**About this exercise**
All of the data that follows is to be printed exactly, without pictures.

**Data provided**
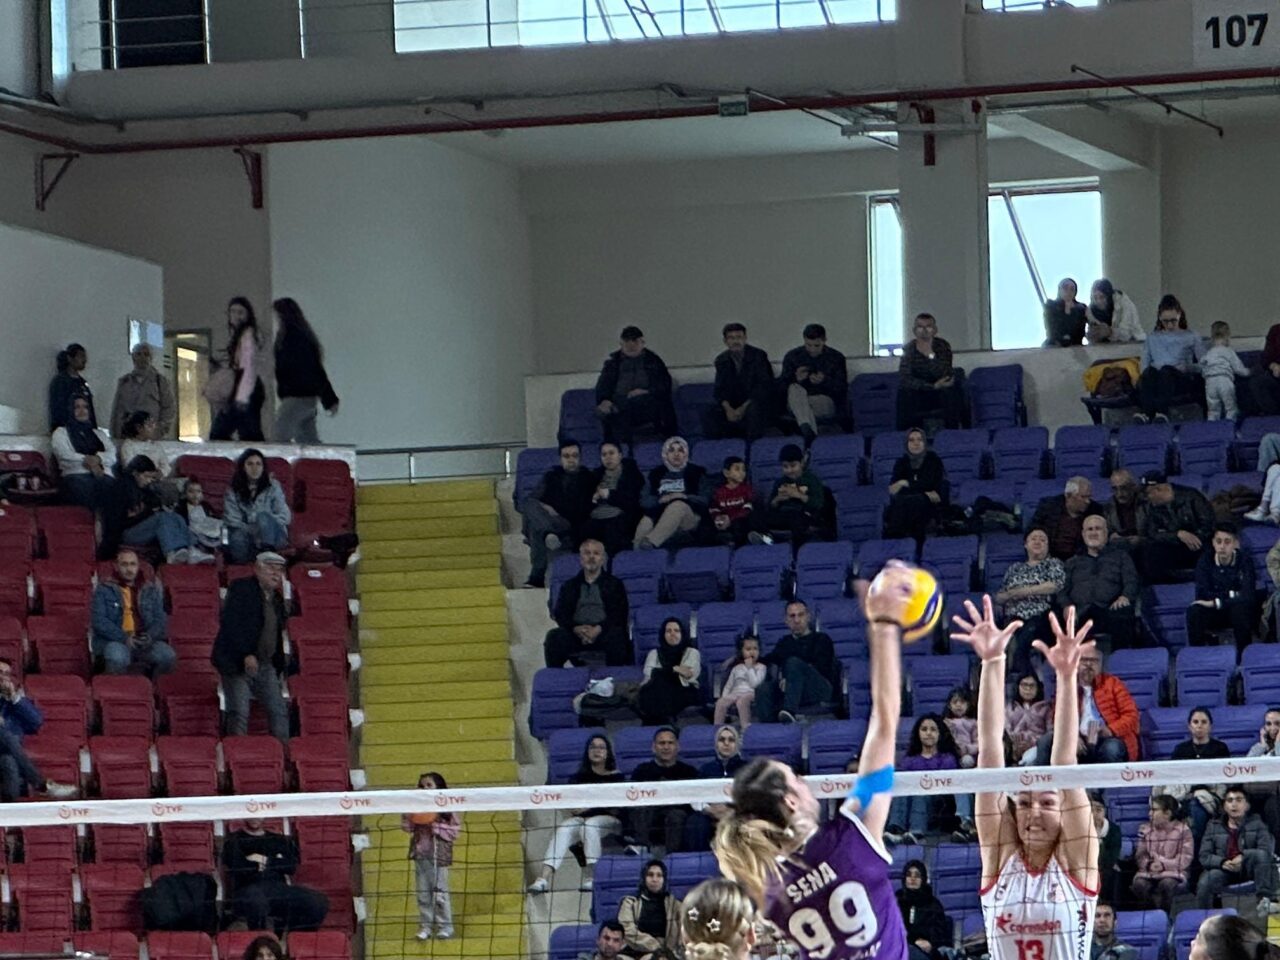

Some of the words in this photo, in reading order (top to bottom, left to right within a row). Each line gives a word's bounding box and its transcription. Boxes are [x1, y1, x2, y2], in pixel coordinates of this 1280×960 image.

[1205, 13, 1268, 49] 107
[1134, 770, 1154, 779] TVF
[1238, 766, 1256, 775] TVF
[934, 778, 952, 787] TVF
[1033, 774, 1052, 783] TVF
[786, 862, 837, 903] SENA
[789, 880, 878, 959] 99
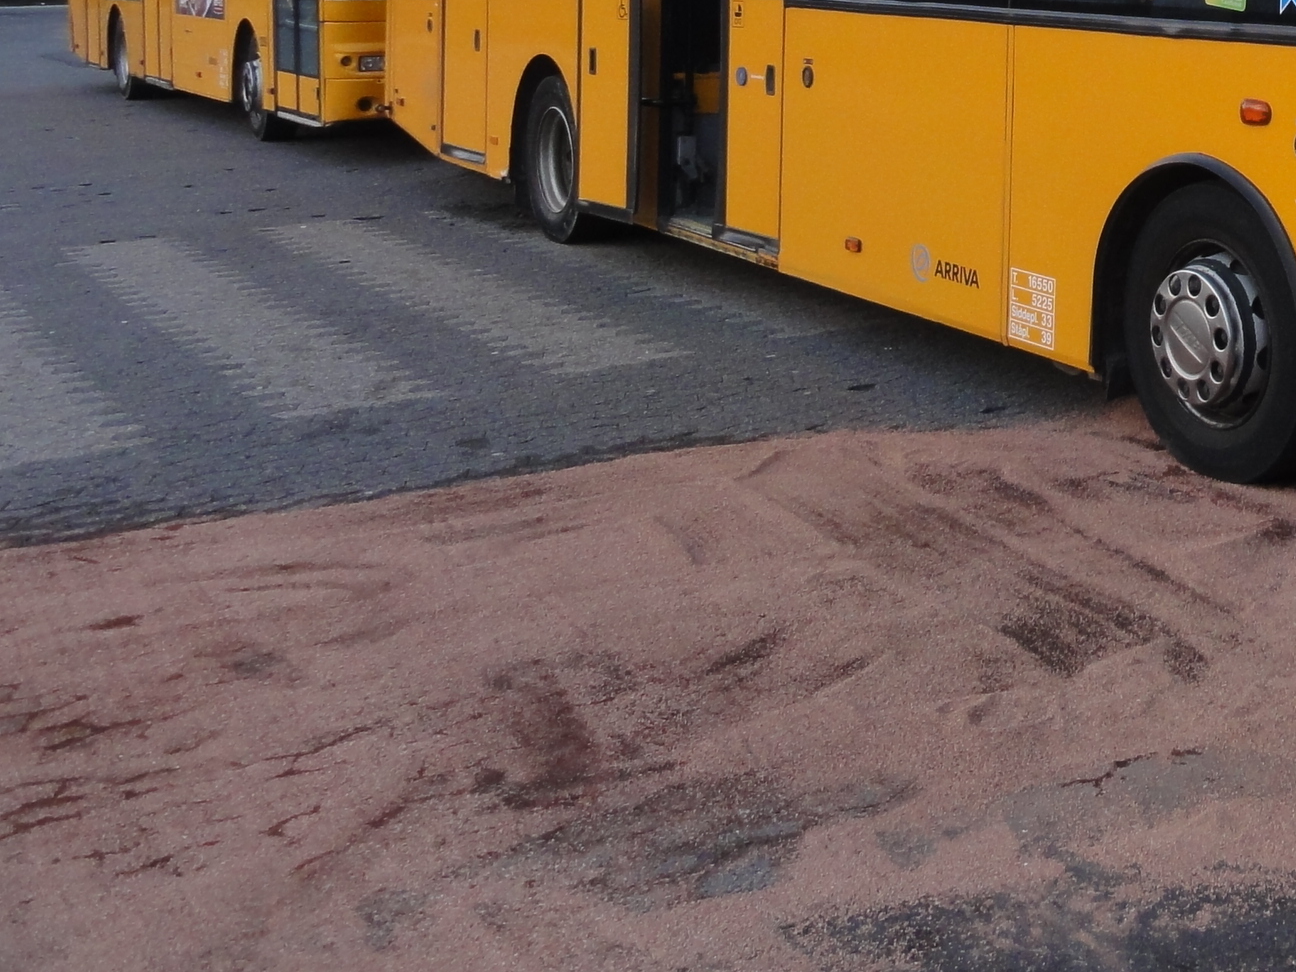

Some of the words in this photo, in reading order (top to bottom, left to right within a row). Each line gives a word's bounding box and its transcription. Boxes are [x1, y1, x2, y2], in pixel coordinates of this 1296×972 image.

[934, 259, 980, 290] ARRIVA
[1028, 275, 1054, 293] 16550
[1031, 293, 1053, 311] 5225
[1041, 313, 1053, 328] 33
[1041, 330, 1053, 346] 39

**Answer below**
Some of the words in this photo, in reading order (top to bottom, left to right within a row). Each line gives a word's bounding box and its transcription. Boxes are [x1, y1, x2, y2], in pixel coordinates of this 1280×960 image.

[1205, 13, 1268, 49] 107
[1134, 770, 1154, 779] TVF
[1238, 766, 1256, 775] TVF
[934, 778, 952, 787] TVF
[1033, 774, 1052, 783] TVF
[786, 862, 837, 903] SENA
[789, 880, 878, 959] 99

Some of the words in this photo, in reading order (top to bottom, left to right within a row). Each line gives a word's bounding box and its transcription. Boxes are [x1, y1, x2, y2], in pixel coordinates of this 1296×972 image.

[934, 259, 980, 290] ARRIVA
[1028, 275, 1054, 293] 16550
[1031, 293, 1053, 311] 5225
[1041, 313, 1053, 328] 33
[1041, 330, 1053, 346] 39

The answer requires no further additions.